And especially motorcyclists, I recommend, when boarding the ferry, to be with your bike through the whole procedure of securing the machine with belts (“lashing” it´s called!!) and to watch the ferry-staff on their fingers. Otherwise, damages to the motorcycle are inevitable!
After an uncomfortable overnight ferry trip, almost without sleep and without a refreshing shower the next morning, and after endless police, customs and insurance procedures at the port of Tasucu, we finally headed to our first stopover Mersin, the starting point of our 3,000 kilometres trip through the Turkish motherland.
The route had been planned in detail by the General Road Captain of the Turk Riders and led us on the 1st day from Mersin via Adana (headquarter of the club) to Gaziantep; the day after from there to Sivas, then in stages to Ankara, Eskisehir, Isparta, Karaman, Silifke and back to Tasucu.
At each location club members from the other Turkish cities and regions joined us to celebrate with us and to accompany us for the next legs of the trip.
Anatolia can be described in a few words as seemingly infinite, sometimes breathtakingly beautiful and unique, and on the other side over long distances very monotonous. Landscapes with high mountains, rolling hills and wide plains alternate, almost everything appears in the colours brown and yellow (at least at the end of the hot summer). In the central and eastern parts of the country there are few forests. And what we are completely unaccustomed to as Germans, British or generally Middle Europeans is the fact that you hardly encounter human settlements outside the major cities of Anatolia.
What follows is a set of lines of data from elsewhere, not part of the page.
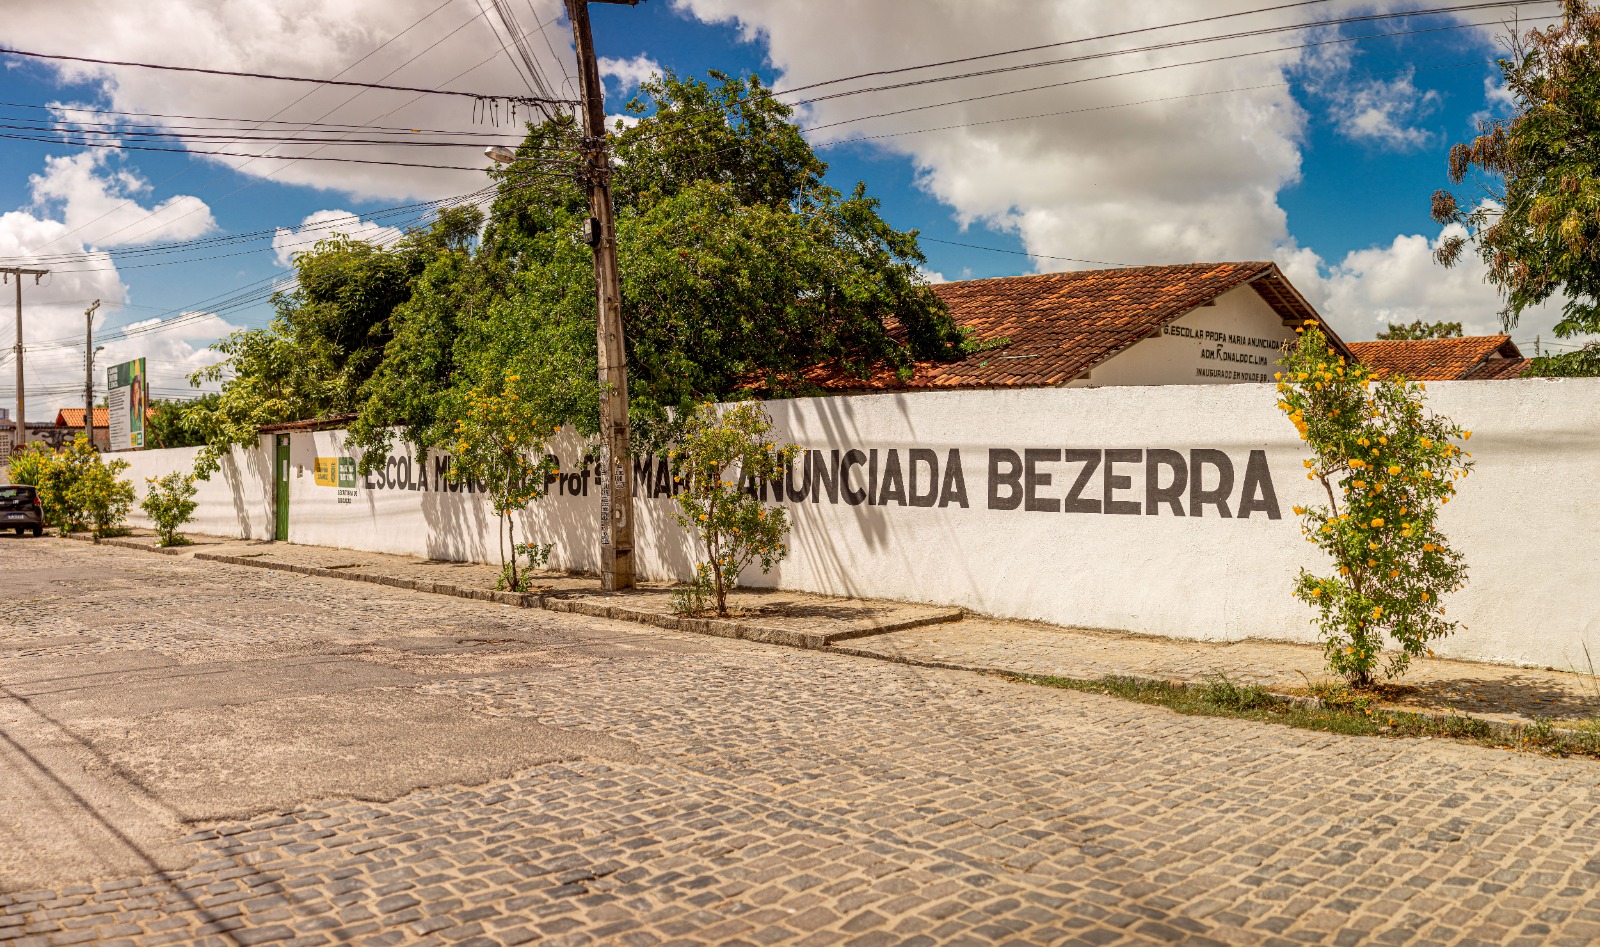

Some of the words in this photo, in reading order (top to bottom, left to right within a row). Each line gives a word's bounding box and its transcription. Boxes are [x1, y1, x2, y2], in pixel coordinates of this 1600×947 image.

[1228, 334, 1246, 346] MARIA
[1247, 337, 1280, 350] ANUNCIADA
[365, 455, 428, 492] ESCOLA
[988, 448, 1282, 520] BEZERRA
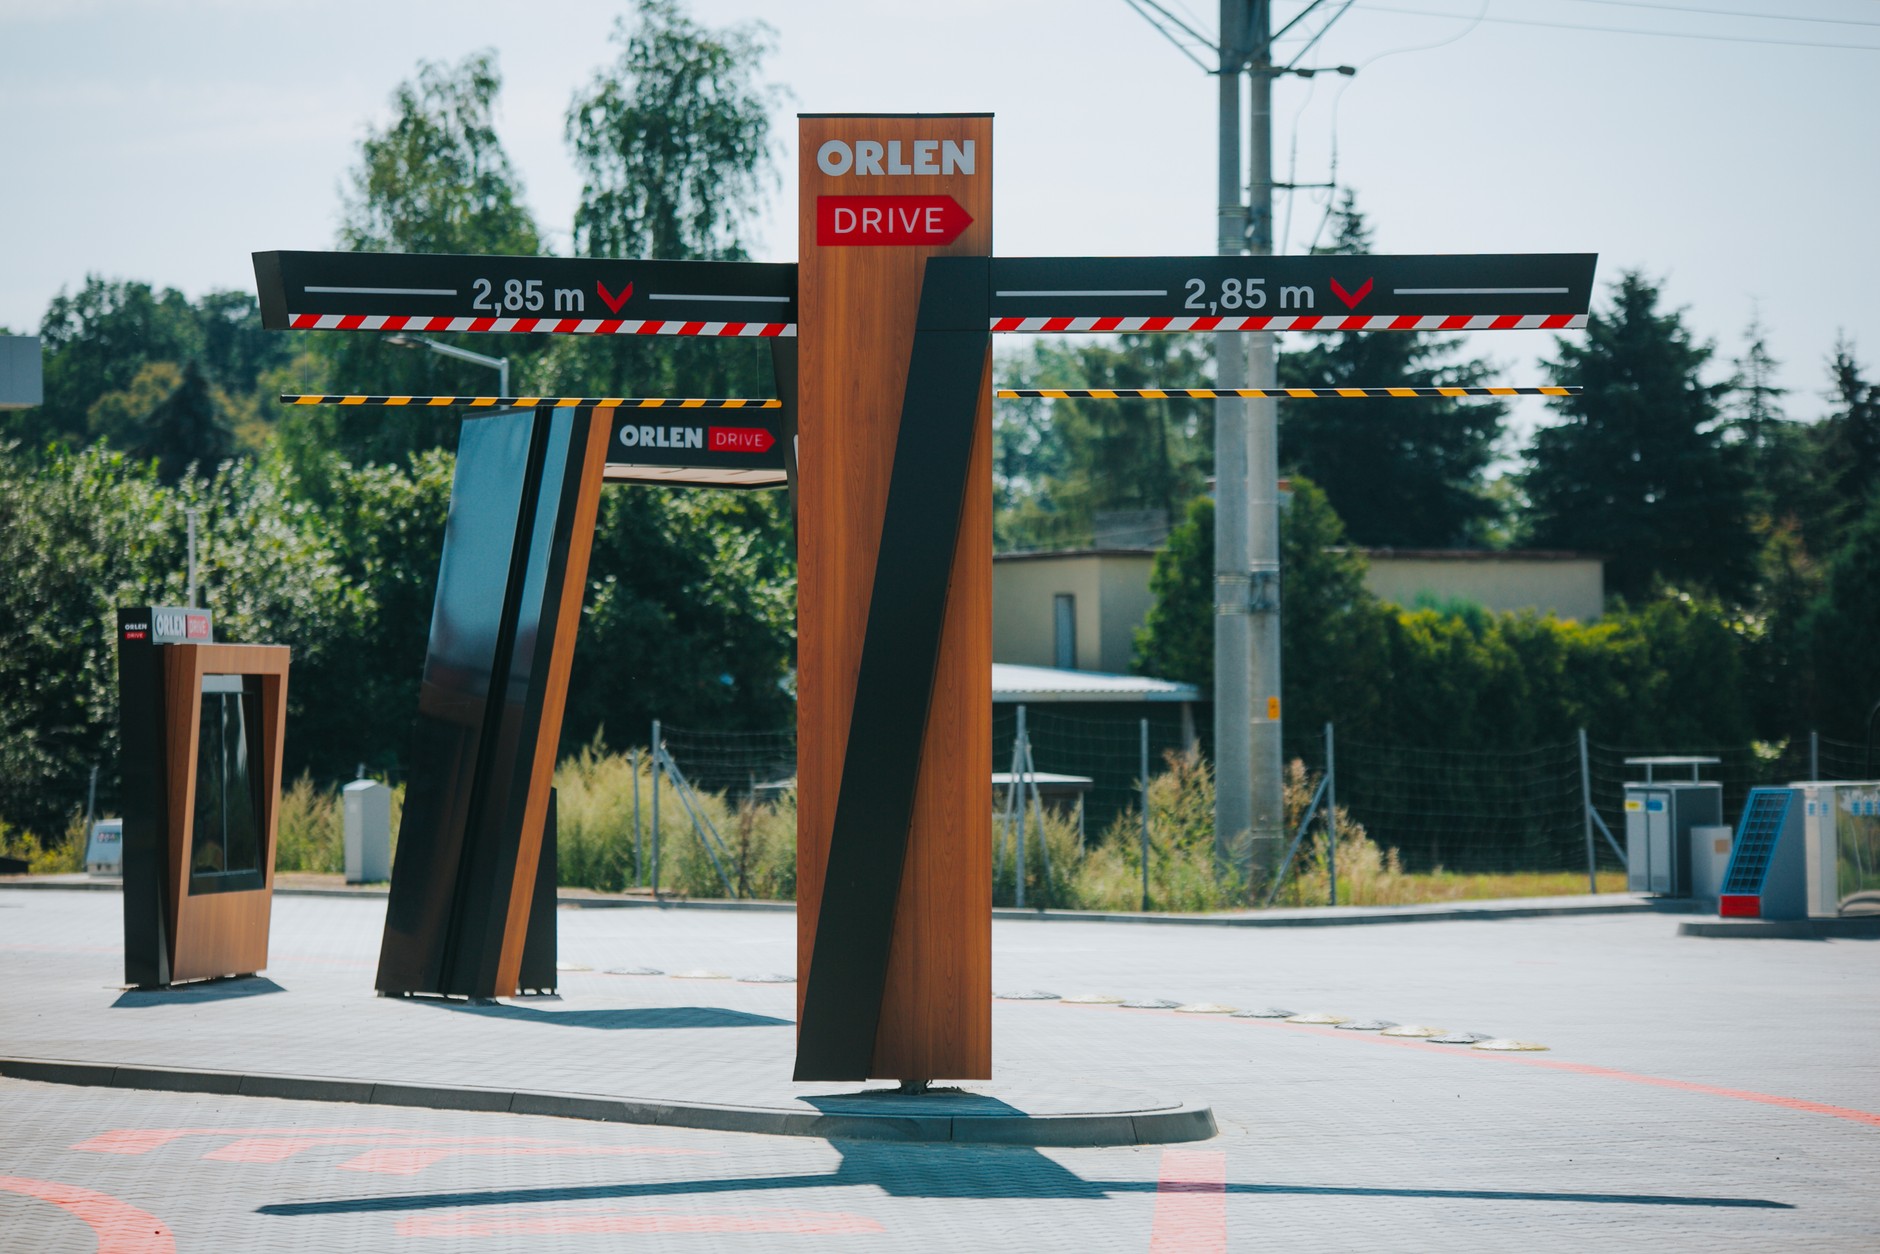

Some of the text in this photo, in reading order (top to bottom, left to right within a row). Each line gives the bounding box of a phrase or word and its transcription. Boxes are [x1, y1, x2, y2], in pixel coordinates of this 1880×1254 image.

[817, 139, 976, 177] ORLEN
[834, 207, 944, 233] DRIVE
[472, 277, 585, 317] 2,85 m
[1184, 277, 1315, 316] 2,85 m
[619, 424, 764, 449] ORLEN DRIVE
[155, 614, 206, 637] ORLEN DRIVE
You drive dozens of miles without seeing a village or even a couple of houses…
Daily stages of up to nearly 500 kilometres on a motorbike are a strain, especially in the heat, unlike in the air-conditioned cab of a Volvo 40-ton truck with perfect suspension seats, audio system and minibar.
On the one hand there are the Turkish road conditions. In Anatolia there are roughly 3 categories of roads:
1A-motorways with new grippy tarmac and only a few wide curves.
Then country roads (especially in the mountainous regions) with old roadbeds, plentiful curves and bends, countless potholes, patched with extremely slippery fresh tar sections, sprinkled with hazardous loose gravel or any other dirt. Cows or other livestock cavort on the road…. and everything else the heart of a biker desires….!
And last but not least there are almost impassable dirt tracks (at least if you are not traveling on an off-road Enduro bike but with a Harley Davidson!).
The latter could only be “improved” if the unpaved road was watered by tank trucks for the purpose of dust control, because then the gravel road is replaced by a “super” mud-track!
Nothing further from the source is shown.